(4) Atlant Moscow Region 2
(1) Lokomotiv Yaroslavl 4

Atlant lead the series 3-1
It is notoriously hard for a team enjoying such a comprehensive lead to keep the killer instinct right to the end. Atlant failed to keep the necessary concentration in Game 4, allowing the Lokomotiv players to claim their first victory in this series.

After the game, the hosts’ head coach Milos Riha did not appear too downhearted. “From the very start it was clear our guys had the wrong attitude,” he sighed. “They were too confident that we had already won it. We were especially lacking in aggression. Of course, I’m glad we played so well toward the end; it instills a bit of optimism.”

The Atlant players were indeed nothing like their usual selves. If in the previous three games the Mytishchi men never gave their opponents room to breathe, were shrewd in their offensive play, and hardly ever made mistakes, then today it was the opposite story. Riha was particularly distraught at the ease with which Ivan Tkachenko got past Maxim Semenov to score the opening goal – Atlant’s defending was never so sloppy in the earlier games.

In spite of this Konstantin Barulin refused to fall apart and even while his defense failed him he gave a decent performance “I offered to rest him after the third goal, but he refused,” noted Riha.

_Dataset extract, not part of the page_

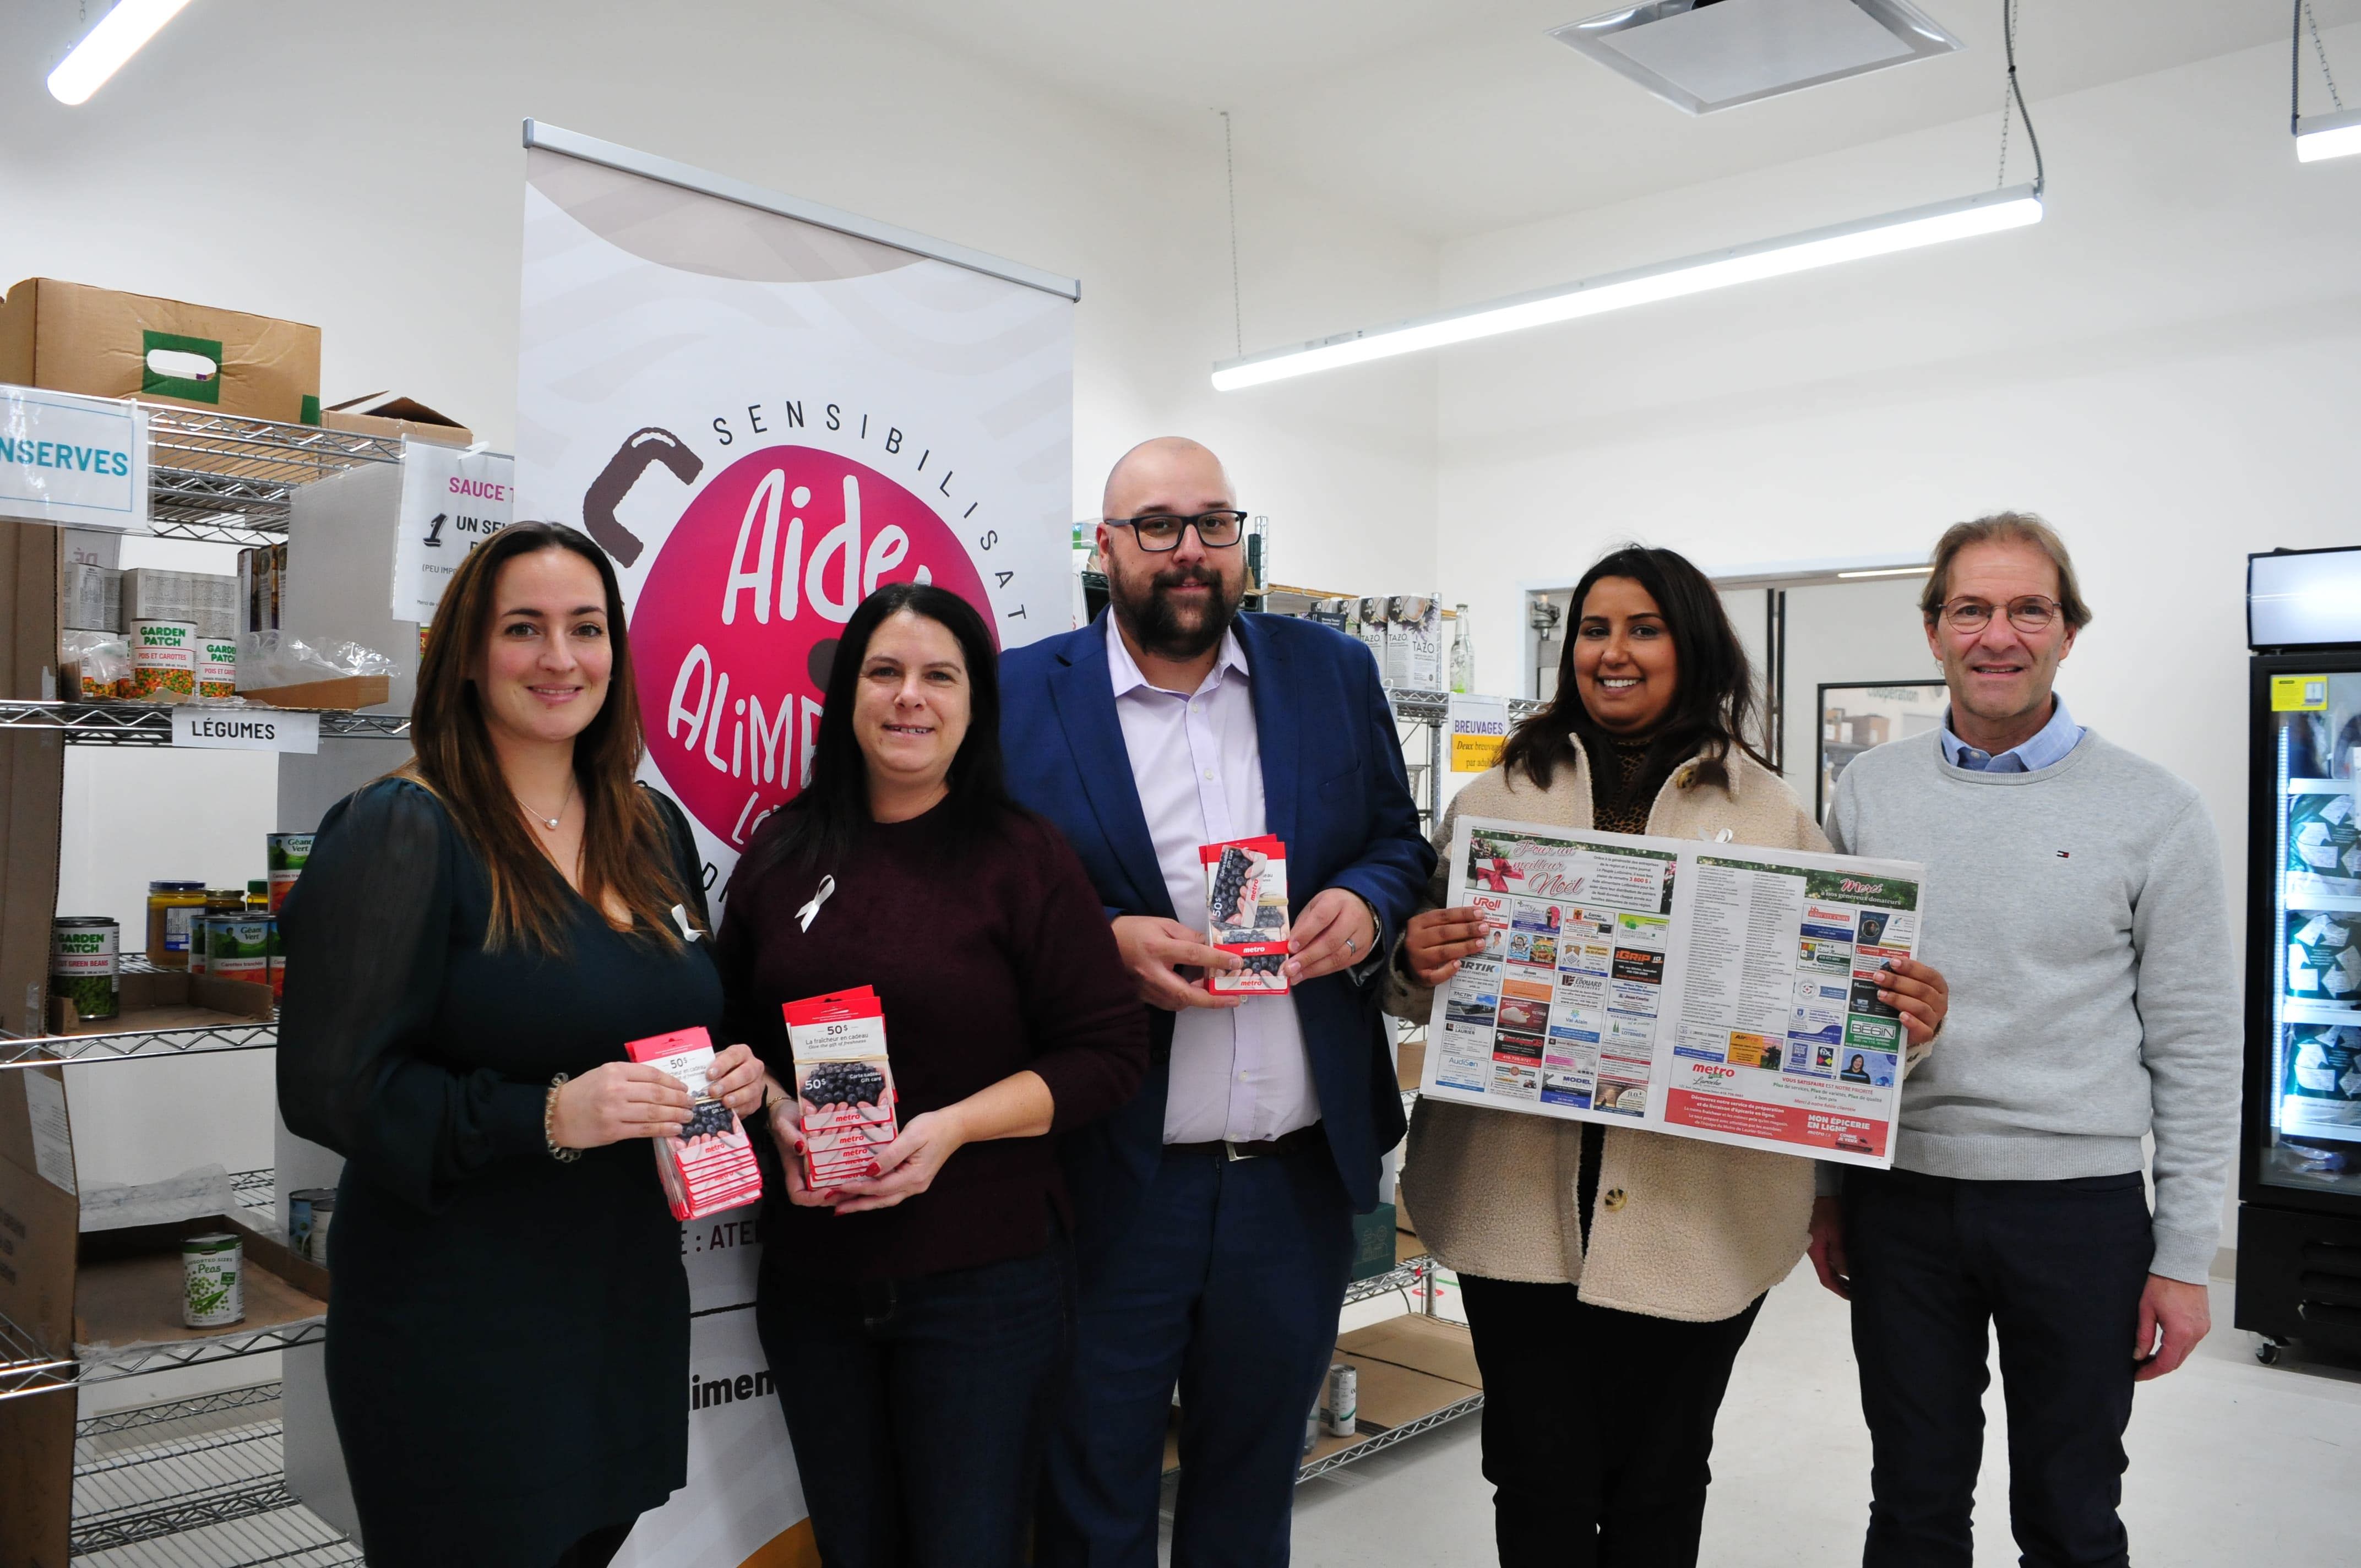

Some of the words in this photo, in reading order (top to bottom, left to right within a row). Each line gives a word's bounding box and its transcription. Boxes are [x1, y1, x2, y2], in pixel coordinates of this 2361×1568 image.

While the goaltending situation is not giving Riha any headaches, the same cannot be said for overall fitness levels in the roster. At the club they remain tight-lipped, but there is talk of an injury crisis affecting several players. Vadim Khomitsky is unwell, and Zbynek Irgl has picked up a knock, and the latter did not even last the distance in the previous game.

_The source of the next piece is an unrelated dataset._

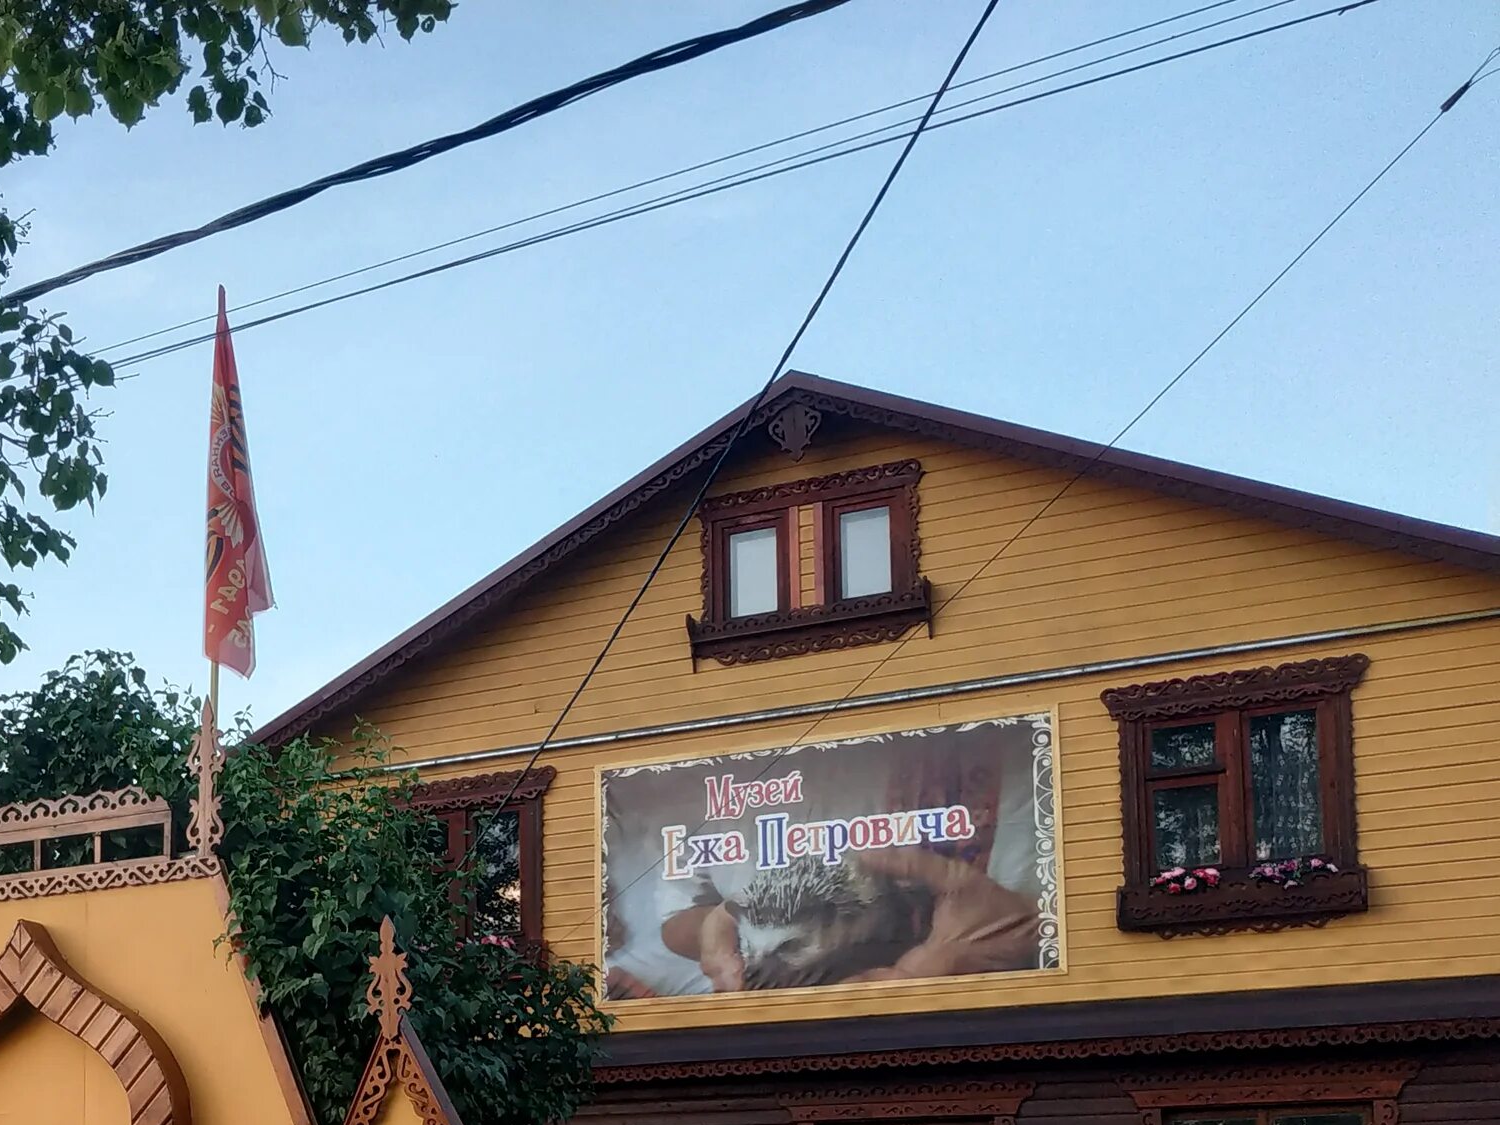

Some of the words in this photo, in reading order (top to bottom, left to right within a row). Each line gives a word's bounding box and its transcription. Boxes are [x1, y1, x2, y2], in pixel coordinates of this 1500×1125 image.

After their last defeat, the Yaroslavl men tried not to pay any attention to the fact that no-one to date has bounced back from 0-3 to win a series, instead focusing only on winning the next game. Mission accomplished.

“We were already backed into a corner before today,” said Lokomotiv head coach Vladimír Vůjtek after the victory. “Our guys had no intention of heading off early on vacation and so today we played really well. At last we managed to score the first goal in the game.”

The opening goal was something Vůjtek also spoke of two days ago. He complained that his team was always chasing the game, which is an added psychological burden. “I expect us to continue in the same spirit two days from now in Yaroslavl,” the Railwaymen’s coach promised.

The Lokomotiv players were making no promises. “I think we just had a good game, but our mission in this series hasn’t changed. Now we need to win our next game,” said Marat Kalimulin, scorer of one of the goals.

“At last we found a way past Barulin,” said Alexander Kalyanin, sighing with relief. “We’ll try to keep it going. Our big plus is that none of the guys surrendered, no-one would accept defeat. Now our chance of getting through increased threefold. The guys got together without the coach, and we had a talk.”

The series continues, and there is every possibility it will be a different series from now on.